Then listen to people, adapt the edges 20%. You will reach millions.

This has probably been said before.

------
monroepe
I think a better question is "How do you make something people will use?"
People want a lot of things that they won't necessarily use. Look at all the
apps on your phone that at some point you "wanted," but now are never used.

------
JSeymourATL
Look and listen for people's problems. Then come up with a brilliant solution.

The world’s biggest problems are the world’s biggest business opportunities.
On this subject, Peter Diamandis writes a great blogpost >
[http://peterdiamandis.tumblr.com/post/128046793118/problems-...](http://peterdiamandis.tumblr.com/post/128046793118/problems-
are-goldmines)

Also, podcast discussion with Dan Sullivan
>[http://www.abundance360summit.com/podcast/2015/10/19/episode...](http://www.abundance360summit.com/podcast/2015/10/19/episode-11-problems-
are-goldmines/)

------
ronnsan
Ask yourself if you make something-

1\. Why will you use it? 2\. How much will you use it? 3\. Will it use it
daily or atleast with proper interval?

Then ask to be users around you and listen what they say on those 3 questions
and derive from it.

------
tluyben2
Good comments here; an easy idea but harder to implement is something people
already use (a lot) and make it easier and/or cheaper. Like Uber for instance.

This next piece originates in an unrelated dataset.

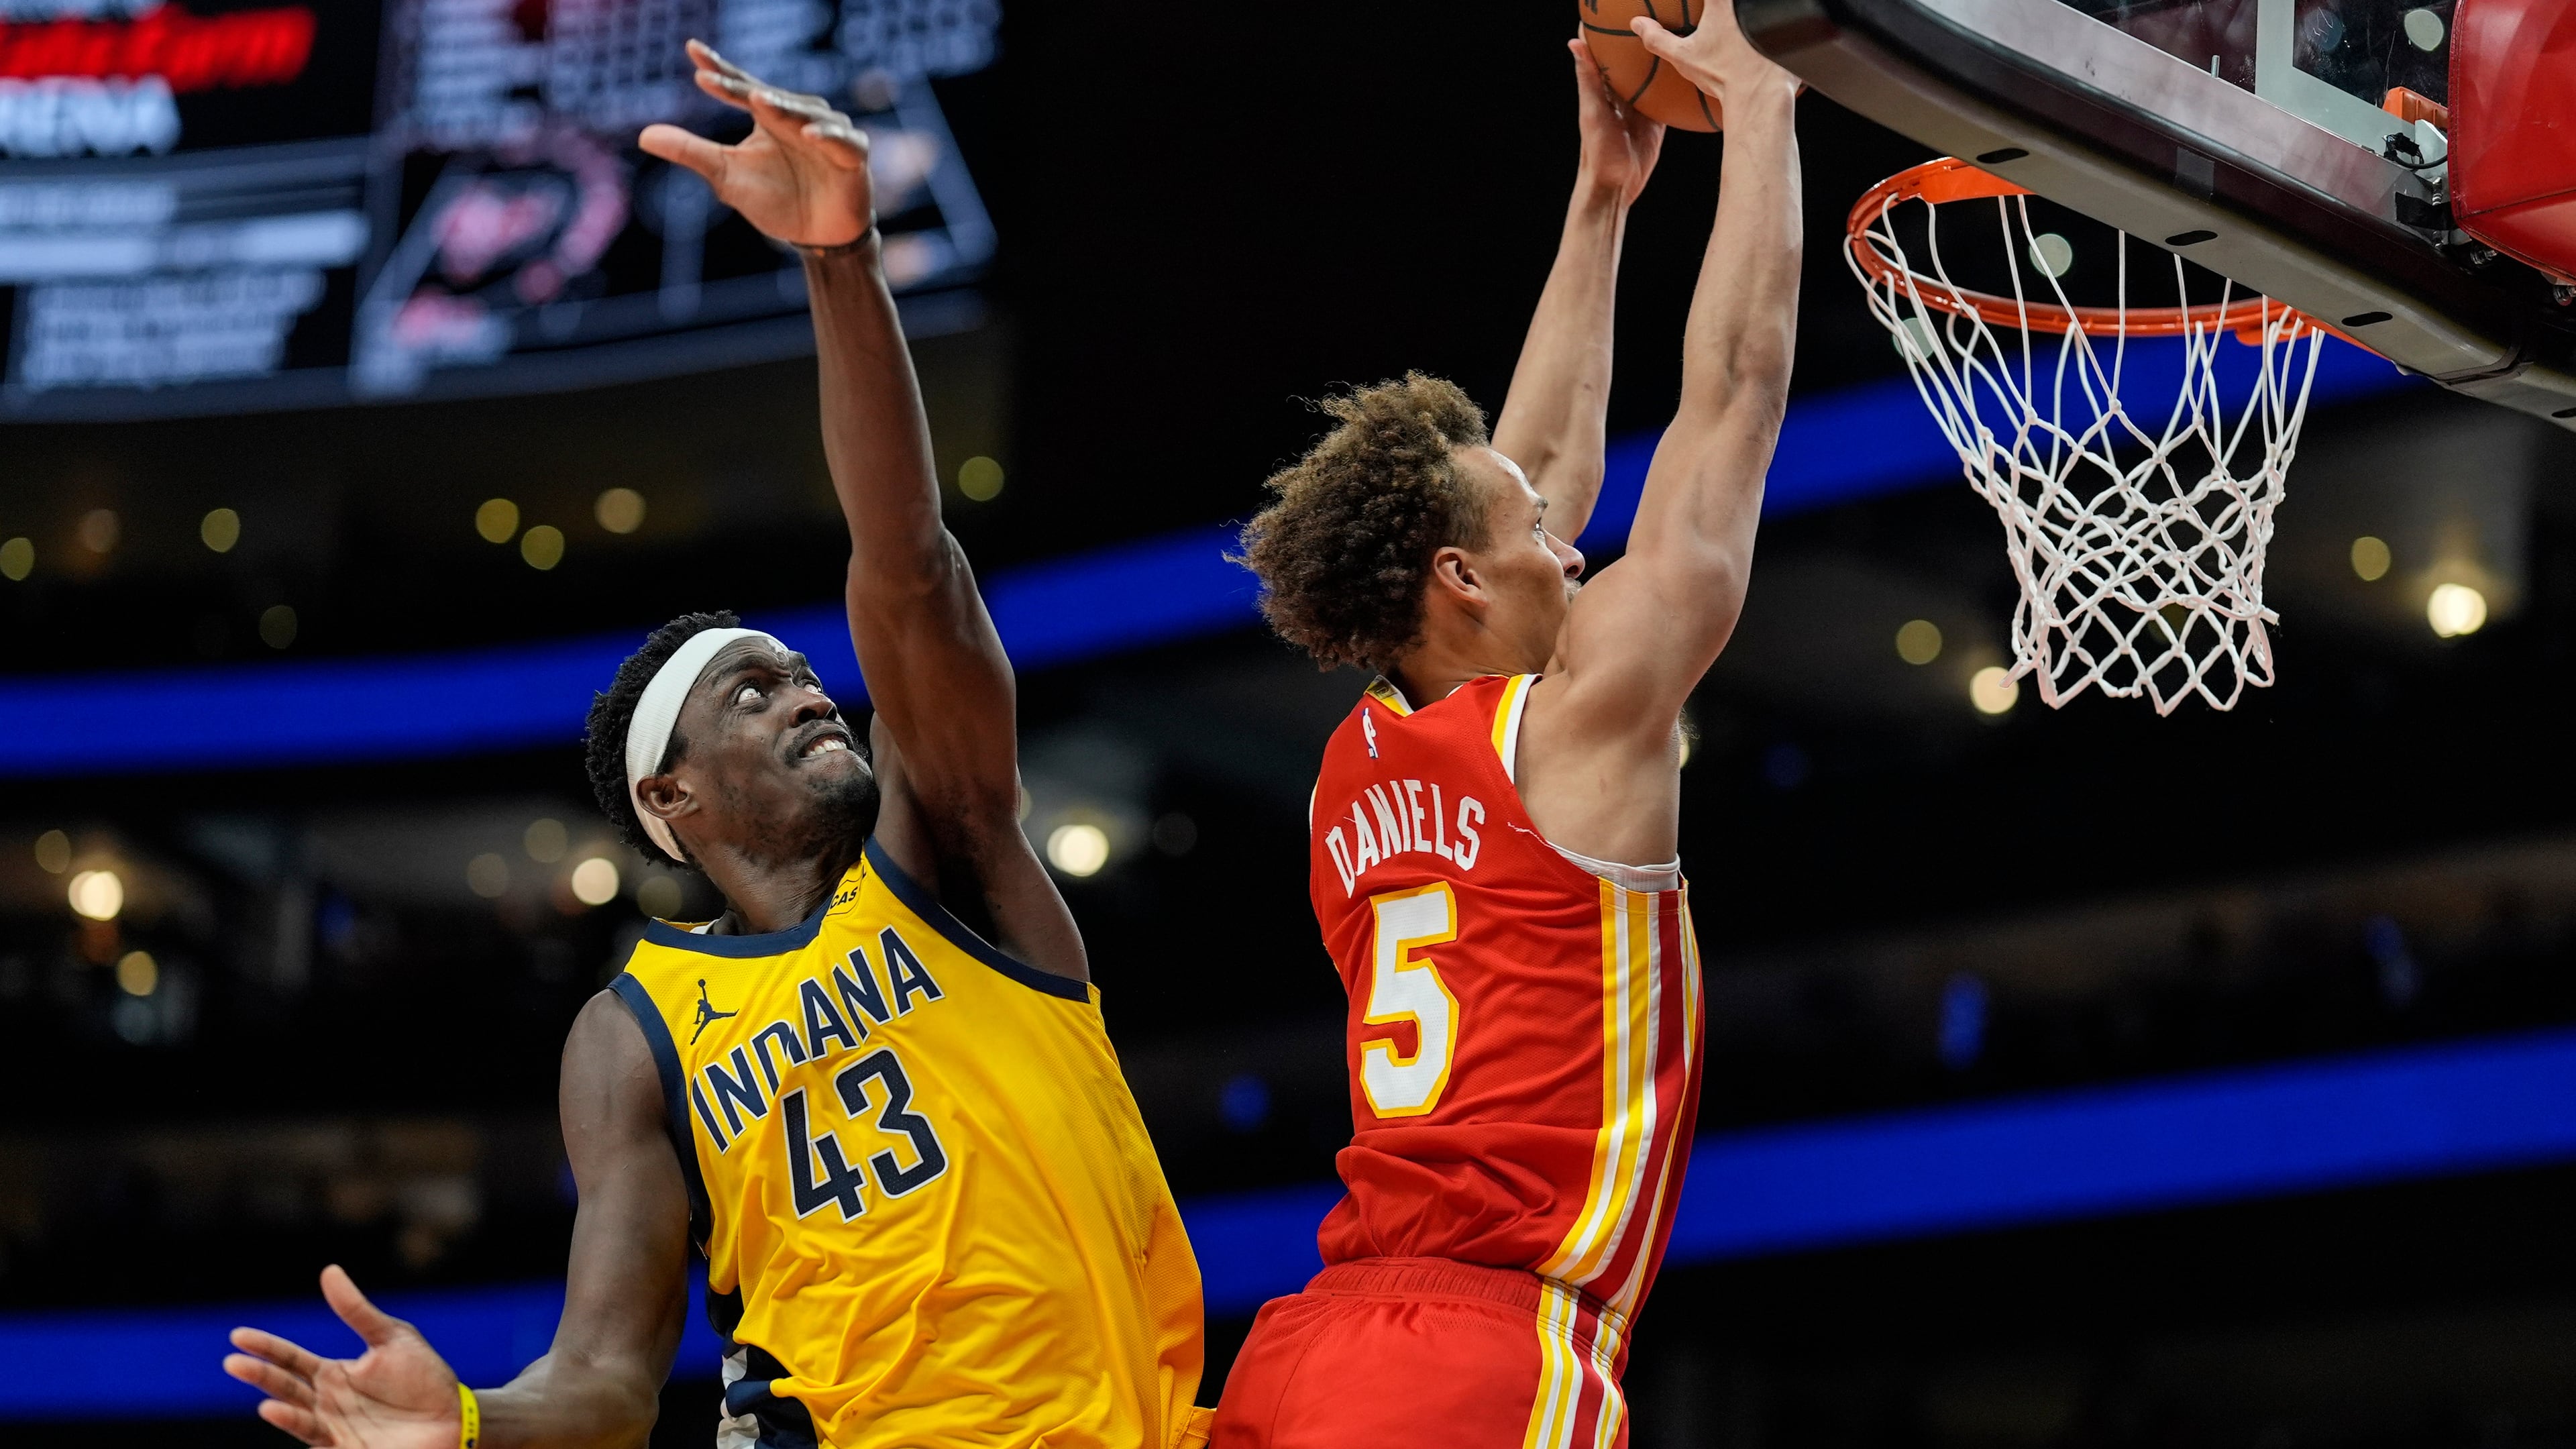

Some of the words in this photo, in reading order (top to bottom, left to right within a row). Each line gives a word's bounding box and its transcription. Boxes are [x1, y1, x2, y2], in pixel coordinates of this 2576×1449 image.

Cheaper is something people always want.

------
timothybone
Aptitude. Some people can (and want) to sing. Esoteric talents abound. Use
your aptitudes to help you make something people want. If you're good at, say
for example singing, that is the natural talent you can bring to a making
project. Make something you can make really well. Otherwise you might end up
bored as hell.

------
ankurdhama
You don't make something that people want, rather you make something and then
sell it in such a way that make people want it.

------
michaelmcmillan
By making something for yourself.

------
LarryMade2
Think of something you want... too techie? how about something your mom or
gandpa wants.

Start making it, as you get into it expand the audience scope to include more
people. Make sure you have other people try it out to get different
perspectives.

------
gdiocarez
I think, talking to them is the first step then telling them what you can do
for them can help you make something.

------
tmaly
start with customer development, interview a whole bunch of potential
customers. Then try to distill the data down into some generalization. If you
can identify a pattern, your idea may work

------
jayajay
By making something you need.

------
azeirah
By knowing what people want.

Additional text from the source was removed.